What to produce:
Starting with the first line, transcribe the material exactly through to the last.

Provided material:
==*==

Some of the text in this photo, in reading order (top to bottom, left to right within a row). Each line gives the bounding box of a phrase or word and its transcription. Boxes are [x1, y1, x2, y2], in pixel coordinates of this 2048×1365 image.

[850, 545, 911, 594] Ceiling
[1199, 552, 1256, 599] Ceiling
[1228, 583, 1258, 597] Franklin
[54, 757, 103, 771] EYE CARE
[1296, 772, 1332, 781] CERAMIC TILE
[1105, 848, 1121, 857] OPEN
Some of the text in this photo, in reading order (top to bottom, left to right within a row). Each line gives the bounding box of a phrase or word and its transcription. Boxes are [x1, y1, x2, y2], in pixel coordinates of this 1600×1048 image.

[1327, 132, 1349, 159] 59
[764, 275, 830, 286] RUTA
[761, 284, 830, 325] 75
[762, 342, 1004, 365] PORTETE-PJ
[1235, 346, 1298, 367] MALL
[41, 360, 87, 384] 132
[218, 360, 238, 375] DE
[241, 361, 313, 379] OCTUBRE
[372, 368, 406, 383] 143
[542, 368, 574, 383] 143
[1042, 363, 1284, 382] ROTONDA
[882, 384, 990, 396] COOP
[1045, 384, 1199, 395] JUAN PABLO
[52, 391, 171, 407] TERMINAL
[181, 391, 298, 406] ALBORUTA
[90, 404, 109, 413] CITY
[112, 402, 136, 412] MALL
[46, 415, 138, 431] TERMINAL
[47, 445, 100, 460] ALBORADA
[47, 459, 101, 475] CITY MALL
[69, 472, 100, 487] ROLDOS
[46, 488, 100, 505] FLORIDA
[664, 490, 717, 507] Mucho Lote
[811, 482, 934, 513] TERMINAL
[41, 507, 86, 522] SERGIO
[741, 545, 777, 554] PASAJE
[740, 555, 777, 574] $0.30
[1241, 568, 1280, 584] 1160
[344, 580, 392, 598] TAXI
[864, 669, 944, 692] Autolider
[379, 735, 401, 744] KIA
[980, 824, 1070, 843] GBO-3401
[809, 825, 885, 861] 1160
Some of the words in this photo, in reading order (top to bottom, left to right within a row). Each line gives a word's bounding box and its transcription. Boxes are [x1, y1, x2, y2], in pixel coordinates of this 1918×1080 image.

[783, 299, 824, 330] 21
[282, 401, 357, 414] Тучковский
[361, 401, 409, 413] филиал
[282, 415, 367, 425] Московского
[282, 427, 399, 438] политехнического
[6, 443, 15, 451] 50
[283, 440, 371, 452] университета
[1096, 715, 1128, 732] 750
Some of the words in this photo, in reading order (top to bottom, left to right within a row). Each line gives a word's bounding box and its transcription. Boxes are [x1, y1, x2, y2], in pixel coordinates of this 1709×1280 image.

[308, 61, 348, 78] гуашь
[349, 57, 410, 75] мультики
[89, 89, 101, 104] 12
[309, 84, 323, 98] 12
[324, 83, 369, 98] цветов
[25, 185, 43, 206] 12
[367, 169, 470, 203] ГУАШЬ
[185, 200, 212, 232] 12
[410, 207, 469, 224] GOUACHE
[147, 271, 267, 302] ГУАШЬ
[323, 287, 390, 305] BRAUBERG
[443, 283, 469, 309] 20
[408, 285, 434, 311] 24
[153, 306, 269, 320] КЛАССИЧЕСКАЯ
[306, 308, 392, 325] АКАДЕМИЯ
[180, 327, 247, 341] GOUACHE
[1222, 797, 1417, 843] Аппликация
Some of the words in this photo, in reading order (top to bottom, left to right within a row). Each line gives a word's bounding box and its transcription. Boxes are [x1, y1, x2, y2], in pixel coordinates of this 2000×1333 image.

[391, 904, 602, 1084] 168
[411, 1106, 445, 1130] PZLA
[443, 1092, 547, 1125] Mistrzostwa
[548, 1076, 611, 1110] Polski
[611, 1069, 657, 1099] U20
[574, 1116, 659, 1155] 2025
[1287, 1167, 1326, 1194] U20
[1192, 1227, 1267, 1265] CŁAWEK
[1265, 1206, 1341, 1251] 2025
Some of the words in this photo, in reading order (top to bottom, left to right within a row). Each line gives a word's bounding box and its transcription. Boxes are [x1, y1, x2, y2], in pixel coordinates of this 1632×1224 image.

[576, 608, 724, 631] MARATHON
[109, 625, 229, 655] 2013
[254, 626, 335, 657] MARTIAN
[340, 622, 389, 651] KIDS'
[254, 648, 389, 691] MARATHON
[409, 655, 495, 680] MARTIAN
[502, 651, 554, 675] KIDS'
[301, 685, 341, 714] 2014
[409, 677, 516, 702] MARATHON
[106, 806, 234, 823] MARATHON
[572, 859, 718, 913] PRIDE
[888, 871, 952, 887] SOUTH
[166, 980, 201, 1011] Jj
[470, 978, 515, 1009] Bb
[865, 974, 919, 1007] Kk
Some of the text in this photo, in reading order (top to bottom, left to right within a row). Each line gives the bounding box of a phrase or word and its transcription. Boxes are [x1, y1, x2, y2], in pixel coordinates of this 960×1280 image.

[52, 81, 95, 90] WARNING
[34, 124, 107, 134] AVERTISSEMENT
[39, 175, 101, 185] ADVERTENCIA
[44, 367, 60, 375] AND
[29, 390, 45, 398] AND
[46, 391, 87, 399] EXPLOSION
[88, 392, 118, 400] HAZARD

==*==

Output for this task:
Some of the text in this photo, in reading order (top to bottom, left to right within a row). Each line gives the bounding box of a phrase or word and its transcription. Boxes are [x1, y1, x2, y2], in pixel coordinates of this 2048×1365 image.

[850, 545, 911, 594] Ceiling
[1199, 552, 1256, 599] Ceiling
[1228, 583, 1258, 597] Franklin
[54, 757, 103, 771] EYE CARE
[1296, 772, 1332, 781] CERAMIC TILE
[1105, 848, 1121, 857] OPEN
Some of the text in this photo, in reading order (top to bottom, left to right within a row). Each line gives the bounding box of a phrase or word and its transcription. Boxes are [x1, y1, x2, y2], in pixel coordinates of this 1600×1048 image.

[1327, 132, 1349, 159] 59
[764, 275, 830, 286] RUTA
[761, 284, 830, 325] 75
[762, 342, 1004, 365] PORTETE-PJ
[1235, 346, 1298, 367] MALL
[41, 360, 87, 384] 132
[218, 360, 238, 375] DE
[241, 361, 313, 379] OCTUBRE
[372, 368, 406, 383] 143
[542, 368, 574, 383] 143
[1042, 363, 1284, 382] ROTONDA
[882, 384, 990, 396] COOP
[1045, 384, 1199, 395] JUAN PABLO
[52, 391, 171, 407] TERMINAL
[181, 391, 298, 406] ALBORUTA
[90, 404, 109, 413] CITY
[112, 402, 136, 412] MALL
[46, 415, 138, 431] TERMINAL
[47, 445, 100, 460] ALBORADA
[47, 459, 101, 475] CITY MALL
[69, 472, 100, 487] ROLDOS
[46, 488, 100, 505] FLORIDA
[664, 490, 717, 507] Mucho Lote
[811, 482, 934, 513] TERMINAL
[41, 507, 86, 522] SERGIO
[741, 545, 777, 554] PASAJE
[740, 555, 777, 574] $0.30
[1241, 568, 1280, 584] 1160
[344, 580, 392, 598] TAXI
[864, 669, 944, 692] Autolider
[379, 735, 401, 744] KIA
[980, 824, 1070, 843] GBO-3401
[809, 825, 885, 861] 1160
Some of the words in this photo, in reading order (top to bottom, left to right within a row). Each line gives a word's bounding box and its transcription. Boxes are [x1, y1, x2, y2], in pixel coordinates of this 1918×1080 image.

[783, 299, 824, 330] 21
[282, 401, 357, 414] Тучковский
[361, 401, 409, 413] филиал
[282, 415, 367, 425] Московского
[282, 427, 399, 438] политехнического
[6, 443, 15, 451] 50
[283, 440, 371, 452] университета
[1096, 715, 1128, 732] 750
Some of the words in this photo, in reading order (top to bottom, left to right within a row). Each line gives a word's bounding box and its transcription. Boxes are [x1, y1, x2, y2], in pixel coordinates of this 1709×1280 image.

[308, 61, 348, 78] гуашь
[349, 57, 410, 75] мультики
[89, 89, 101, 104] 12
[309, 84, 323, 98] 12
[324, 83, 369, 98] цветов
[25, 185, 43, 206] 12
[367, 169, 470, 203] ГУАШЬ
[185, 200, 212, 232] 12
[410, 207, 469, 224] GOUACHE
[147, 271, 267, 302] ГУАШЬ
[323, 287, 390, 305] BRAUBERG
[443, 283, 469, 309] 20
[408, 285, 434, 311] 24
[153, 306, 269, 320] КЛАССИЧЕСКАЯ
[306, 308, 392, 325] АКАДЕМИЯ
[180, 327, 247, 341] GOUACHE
[1222, 797, 1417, 843] Аппликация
Some of the words in this photo, in reading order (top to bottom, left to right within a row). Each line gives a word's bounding box and its transcription. Boxes are [x1, y1, x2, y2], in pixel coordinates of this 2000×1333 image.

[391, 904, 602, 1084] 168
[411, 1106, 445, 1130] PZLA
[443, 1092, 547, 1125] Mistrzostwa
[548, 1076, 611, 1110] Polski
[611, 1069, 657, 1099] U20
[574, 1116, 659, 1155] 2025
[1287, 1167, 1326, 1194] U20
[1192, 1227, 1267, 1265] CŁAWEK
[1265, 1206, 1341, 1251] 2025
Some of the words in this photo, in reading order (top to bottom, left to right within a row). Each line gives a word's bounding box and its transcription. Boxes are [x1, y1, x2, y2], in pixel coordinates of this 1632×1224 image.

[576, 608, 724, 631] MARATHON
[109, 625, 229, 655] 2013
[254, 626, 335, 657] MARTIAN
[340, 622, 389, 651] KIDS'
[254, 648, 389, 691] MARATHON
[409, 655, 495, 680] MARTIAN
[502, 651, 554, 675] KIDS'
[301, 685, 341, 714] 2014
[409, 677, 516, 702] MARATHON
[106, 806, 234, 823] MARATHON
[572, 859, 718, 913] PRIDE
[888, 871, 952, 887] SOUTH
[166, 980, 201, 1011] Jj
[470, 978, 515, 1009] Bb
[865, 974, 919, 1007] Kk
Some of the text in this photo, in reading order (top to bottom, left to right within a row). Each line gives the bounding box of a phrase or word and its transcription. Boxes are [x1, y1, x2, y2], in pixel coordinates of this 960×1280 image.

[52, 81, 95, 90] WARNING
[34, 124, 107, 134] AVERTISSEMENT
[39, 175, 101, 185] ADVERTENCIA
[44, 367, 60, 375] AND
[29, 390, 45, 398] AND
[46, 391, 87, 399] EXPLOSION
[88, 392, 118, 400] HAZARD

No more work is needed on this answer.